EXERCISE INSTRUCTIONS: Each record must be copied in full and unchanged; any image it holds is excluded.

**** WORKING DATA ****

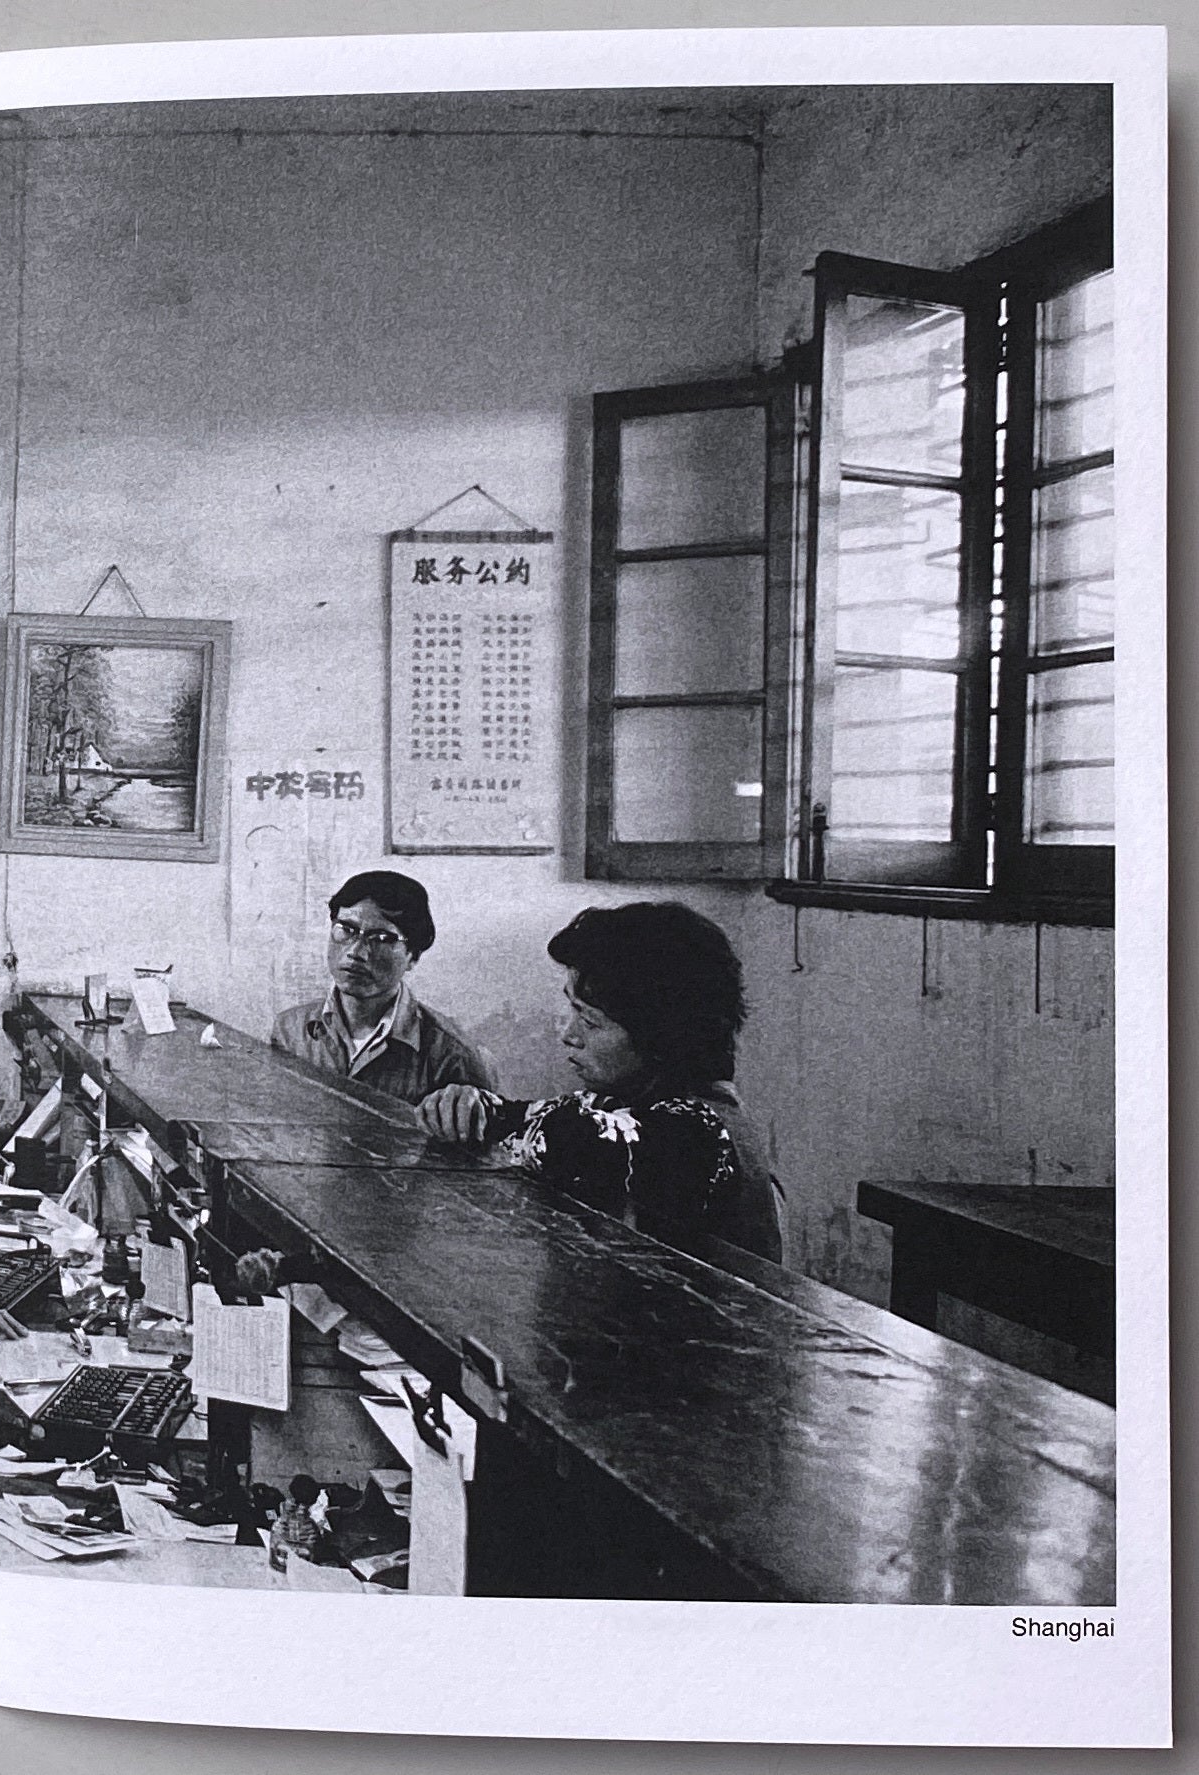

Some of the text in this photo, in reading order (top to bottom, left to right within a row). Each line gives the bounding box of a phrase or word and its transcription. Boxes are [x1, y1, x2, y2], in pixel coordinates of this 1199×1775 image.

[412, 556, 530, 585] 服务公约
[246, 769, 365, 801] 中奖号码
[1012, 1617, 1115, 1642] Shanghai
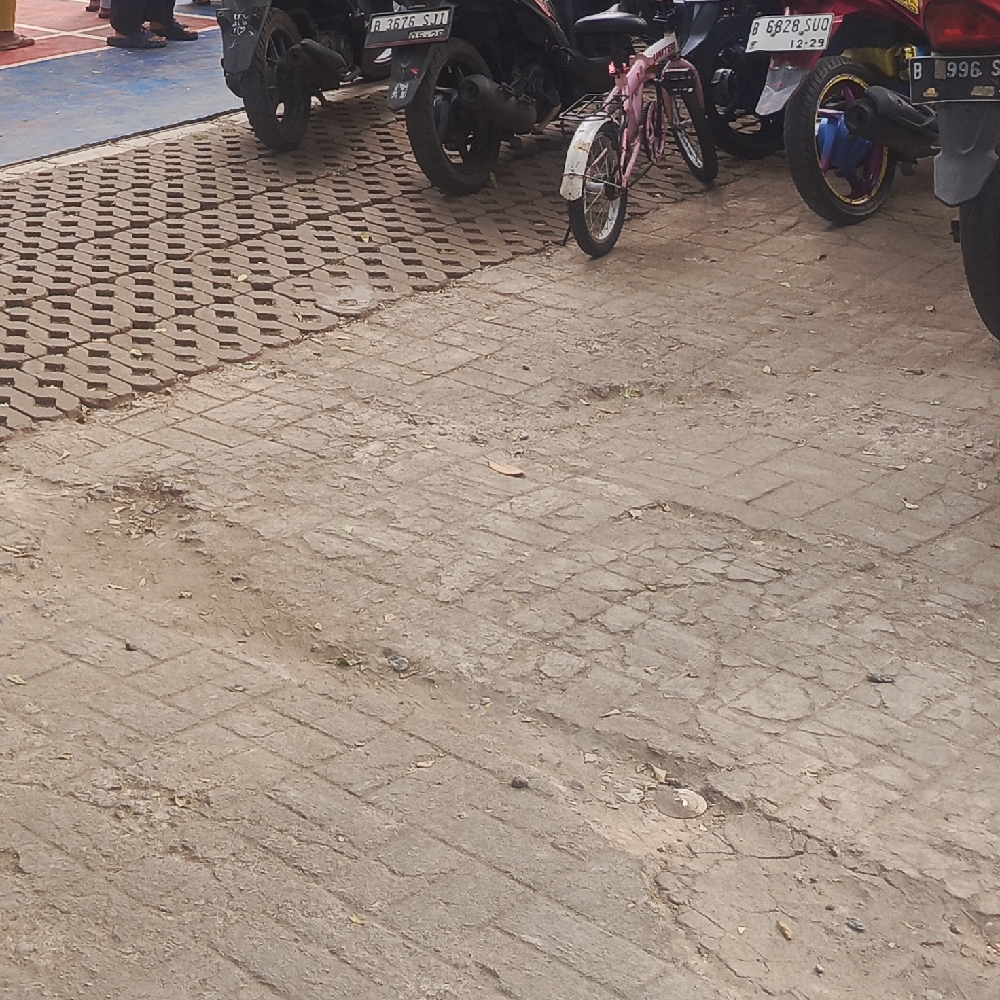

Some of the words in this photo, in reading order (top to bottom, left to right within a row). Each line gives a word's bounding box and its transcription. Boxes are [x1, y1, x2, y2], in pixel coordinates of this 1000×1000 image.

[387, 15, 415, 31] 3676
[752, 21, 760, 36] B
[765, 19, 800, 34] 6828
[913, 62, 922, 80] B
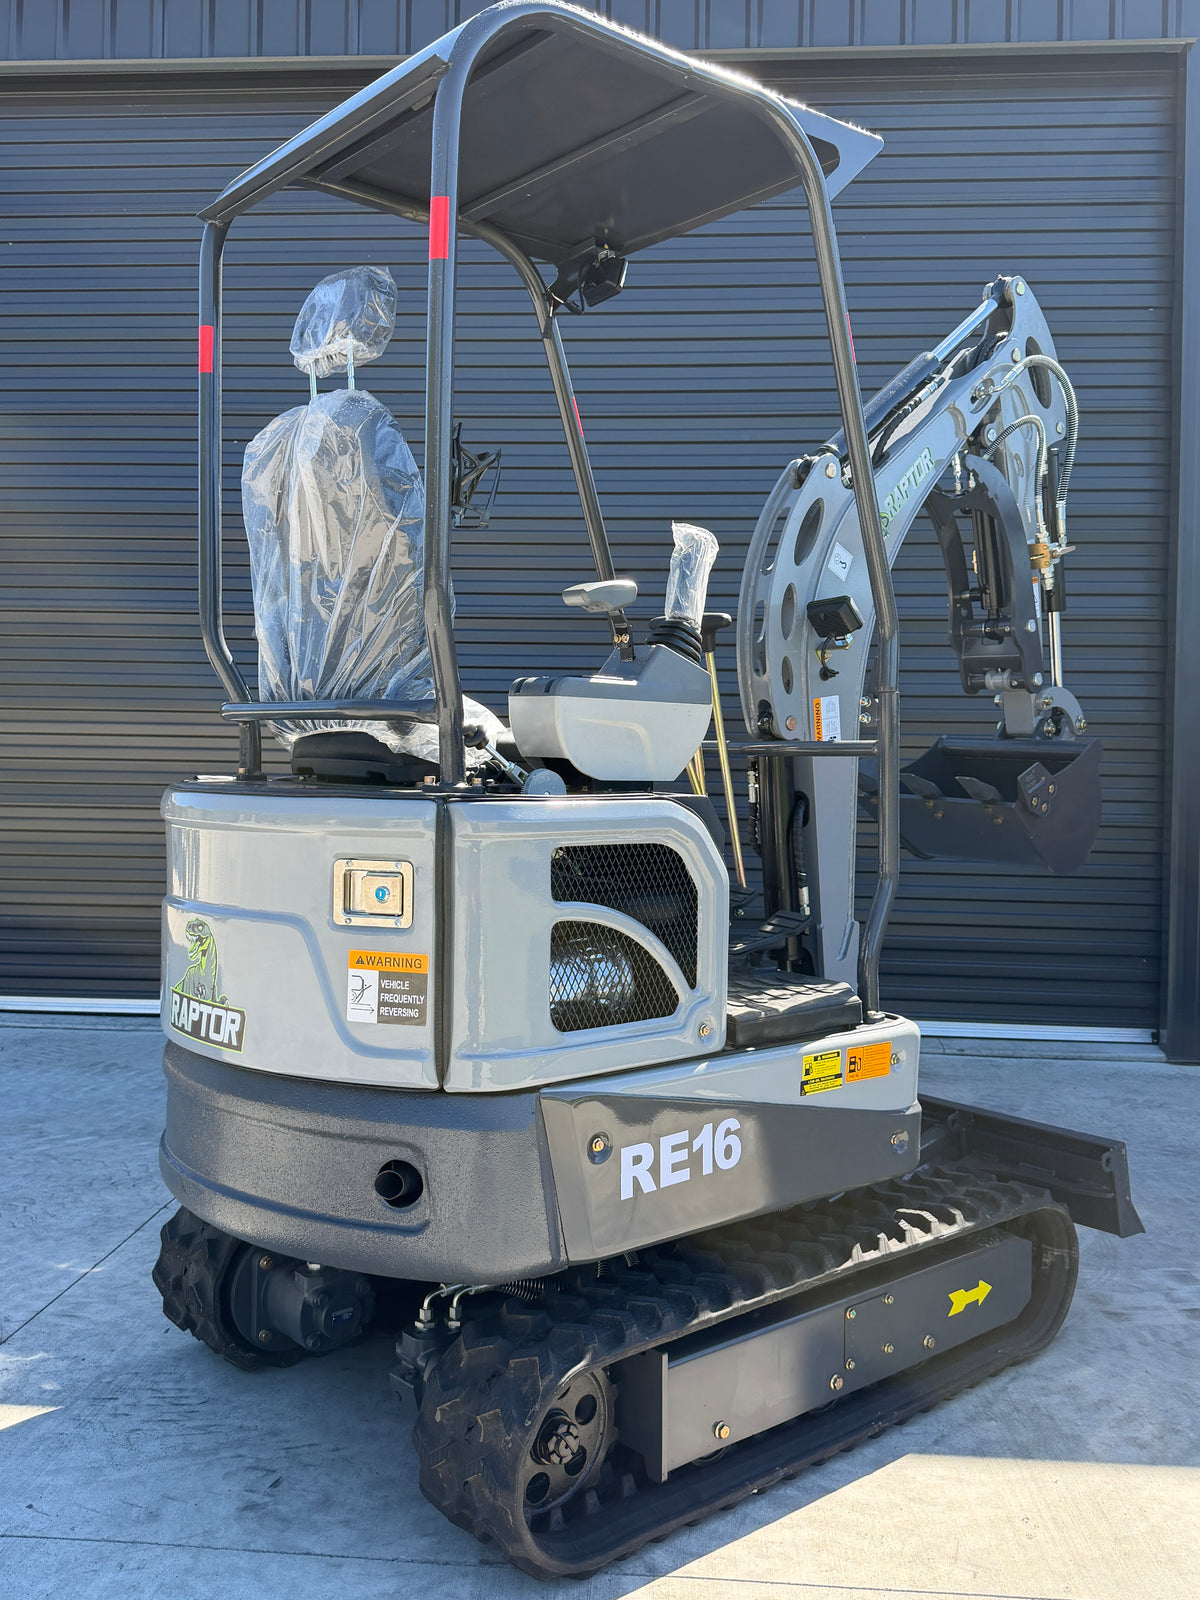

****

EXERCISE OUTPUT:
Some of the text in this photo, in reading order (top to bottom, left to right within a row). Each line gives the bounding box of a phrase or word and its transcription. Boxes are [x1, y1, x2, y2], in pixel coordinates of this 1199×1775 image.

[412, 556, 530, 585] 服务公约
[246, 769, 365, 801] 中奖号码
[1012, 1617, 1115, 1642] Shanghai

Some of the words in this photo, in reading order (top to bottom, left to right within a row). Each line gives a word's bounding box and its transcription. Boxes are [x1, y1, x2, y2], in pixel coordinates of this 1000×1000 image.

[387, 15, 415, 31] 3676
[752, 21, 760, 36] B
[765, 19, 800, 34] 6828
[913, 62, 922, 80] B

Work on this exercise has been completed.